» **Problem statement**
Transcribe the data that follows precisely, omitting nothing.

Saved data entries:

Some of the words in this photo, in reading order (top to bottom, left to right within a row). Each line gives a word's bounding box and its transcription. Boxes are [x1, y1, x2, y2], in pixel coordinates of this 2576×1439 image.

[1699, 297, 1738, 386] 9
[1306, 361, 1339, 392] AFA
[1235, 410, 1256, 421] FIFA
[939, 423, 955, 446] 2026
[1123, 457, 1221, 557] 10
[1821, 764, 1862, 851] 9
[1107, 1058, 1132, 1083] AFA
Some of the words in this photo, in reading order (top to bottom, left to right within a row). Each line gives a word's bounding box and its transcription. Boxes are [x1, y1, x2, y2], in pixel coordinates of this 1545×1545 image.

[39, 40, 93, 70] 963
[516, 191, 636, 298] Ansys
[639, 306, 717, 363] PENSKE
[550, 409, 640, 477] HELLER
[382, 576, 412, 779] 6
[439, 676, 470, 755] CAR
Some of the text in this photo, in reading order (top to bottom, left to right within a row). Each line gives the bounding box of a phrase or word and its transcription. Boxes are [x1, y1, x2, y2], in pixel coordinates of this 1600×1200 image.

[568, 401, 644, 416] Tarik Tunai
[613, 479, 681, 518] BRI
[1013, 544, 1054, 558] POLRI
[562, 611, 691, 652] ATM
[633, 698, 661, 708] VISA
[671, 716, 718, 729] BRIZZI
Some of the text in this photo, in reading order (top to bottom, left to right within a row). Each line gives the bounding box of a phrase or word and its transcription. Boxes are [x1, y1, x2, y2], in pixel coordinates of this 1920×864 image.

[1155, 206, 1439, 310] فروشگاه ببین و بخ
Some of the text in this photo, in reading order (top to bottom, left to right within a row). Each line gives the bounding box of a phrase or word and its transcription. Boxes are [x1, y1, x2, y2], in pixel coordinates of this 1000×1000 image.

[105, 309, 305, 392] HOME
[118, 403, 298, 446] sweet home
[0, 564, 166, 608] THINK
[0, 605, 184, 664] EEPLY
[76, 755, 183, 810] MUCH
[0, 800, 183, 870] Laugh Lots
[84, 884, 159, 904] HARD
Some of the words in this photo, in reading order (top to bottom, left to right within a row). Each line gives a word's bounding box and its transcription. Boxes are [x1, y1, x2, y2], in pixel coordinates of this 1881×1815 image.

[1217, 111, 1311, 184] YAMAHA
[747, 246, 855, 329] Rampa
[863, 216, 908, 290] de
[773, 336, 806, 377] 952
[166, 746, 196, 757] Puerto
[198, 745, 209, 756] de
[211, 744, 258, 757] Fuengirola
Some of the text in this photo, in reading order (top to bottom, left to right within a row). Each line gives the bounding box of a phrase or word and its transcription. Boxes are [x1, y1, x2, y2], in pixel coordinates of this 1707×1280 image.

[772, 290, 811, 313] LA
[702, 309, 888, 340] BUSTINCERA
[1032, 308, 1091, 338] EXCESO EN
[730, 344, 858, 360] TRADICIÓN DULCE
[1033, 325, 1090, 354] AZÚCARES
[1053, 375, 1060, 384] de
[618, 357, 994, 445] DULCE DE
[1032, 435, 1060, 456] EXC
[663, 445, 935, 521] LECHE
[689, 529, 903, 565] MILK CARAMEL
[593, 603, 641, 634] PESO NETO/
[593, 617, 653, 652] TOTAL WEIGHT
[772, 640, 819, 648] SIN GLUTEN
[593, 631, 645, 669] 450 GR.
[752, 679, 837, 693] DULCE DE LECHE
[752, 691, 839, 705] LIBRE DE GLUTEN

» **Result of this exercise**
Some of the words in this photo, in reading order (top to bottom, left to right within a row). Each line gives a word's bounding box and its transcription. Boxes are [x1, y1, x2, y2], in pixel coordinates of this 2576×1439 image.

[1699, 297, 1738, 386] 9
[1306, 361, 1339, 392] AFA
[1235, 410, 1256, 421] FIFA
[939, 423, 955, 446] 2026
[1123, 457, 1221, 557] 10
[1821, 764, 1862, 851] 9
[1107, 1058, 1132, 1083] AFA
Some of the words in this photo, in reading order (top to bottom, left to right within a row). Each line gives a word's bounding box and its transcription. Boxes are [x1, y1, x2, y2], in pixel coordinates of this 1545×1545 image.

[39, 40, 93, 70] 963
[516, 191, 636, 298] Ansys
[639, 306, 717, 363] PENSKE
[550, 409, 640, 477] HELLER
[382, 576, 412, 779] 6
[439, 676, 470, 755] CAR
Some of the text in this photo, in reading order (top to bottom, left to right within a row). Each line gives the bounding box of a phrase or word and its transcription. Boxes are [x1, y1, x2, y2], in pixel coordinates of this 1600×1200 image.

[568, 401, 644, 416] Tarik Tunai
[613, 479, 681, 518] BRI
[1013, 544, 1054, 558] POLRI
[562, 611, 691, 652] ATM
[633, 698, 661, 708] VISA
[671, 716, 718, 729] BRIZZI
Some of the text in this photo, in reading order (top to bottom, left to right within a row). Each line gives the bounding box of a phrase or word and its transcription. Boxes are [x1, y1, x2, y2], in pixel coordinates of this 1920×864 image.

[1155, 206, 1439, 310] فروشگاه ببین و بخ
Some of the text in this photo, in reading order (top to bottom, left to right within a row). Each line gives the bounding box of a phrase or word and its transcription. Boxes are [x1, y1, x2, y2], in pixel coordinates of this 1000×1000 image.

[105, 309, 305, 392] HOME
[118, 403, 298, 446] sweet home
[0, 564, 166, 608] THINK
[0, 605, 184, 664] EEPLY
[76, 755, 183, 810] MUCH
[0, 800, 183, 870] Laugh Lots
[84, 884, 159, 904] HARD
Some of the words in this photo, in reading order (top to bottom, left to right within a row). Each line gives a word's bounding box and its transcription. Boxes are [x1, y1, x2, y2], in pixel coordinates of this 1881×1815 image.

[1217, 111, 1311, 184] YAMAHA
[747, 246, 855, 329] Rampa
[863, 216, 908, 290] de
[773, 336, 806, 377] 952
[166, 746, 196, 757] Puerto
[198, 745, 209, 756] de
[211, 744, 258, 757] Fuengirola
Some of the text in this photo, in reading order (top to bottom, left to right within a row). Each line gives the bounding box of a phrase or word and its transcription. Boxes are [x1, y1, x2, y2], in pixel coordinates of this 1707×1280 image.

[772, 290, 811, 313] LA
[702, 309, 888, 340] BUSTINCERA
[1032, 308, 1091, 338] EXCESO EN
[730, 344, 858, 360] TRADICIÓN DULCE
[1033, 325, 1090, 354] AZÚCARES
[1053, 375, 1060, 384] de
[618, 357, 994, 445] DULCE DE
[1032, 435, 1060, 456] EXC
[663, 445, 935, 521] LECHE
[689, 529, 903, 565] MILK CARAMEL
[593, 603, 641, 634] PESO NETO/
[593, 617, 653, 652] TOTAL WEIGHT
[772, 640, 819, 648] SIN GLUTEN
[593, 631, 645, 669] 450 GR.
[752, 679, 837, 693] DULCE DE LECHE
[752, 691, 839, 705] LIBRE DE GLUTEN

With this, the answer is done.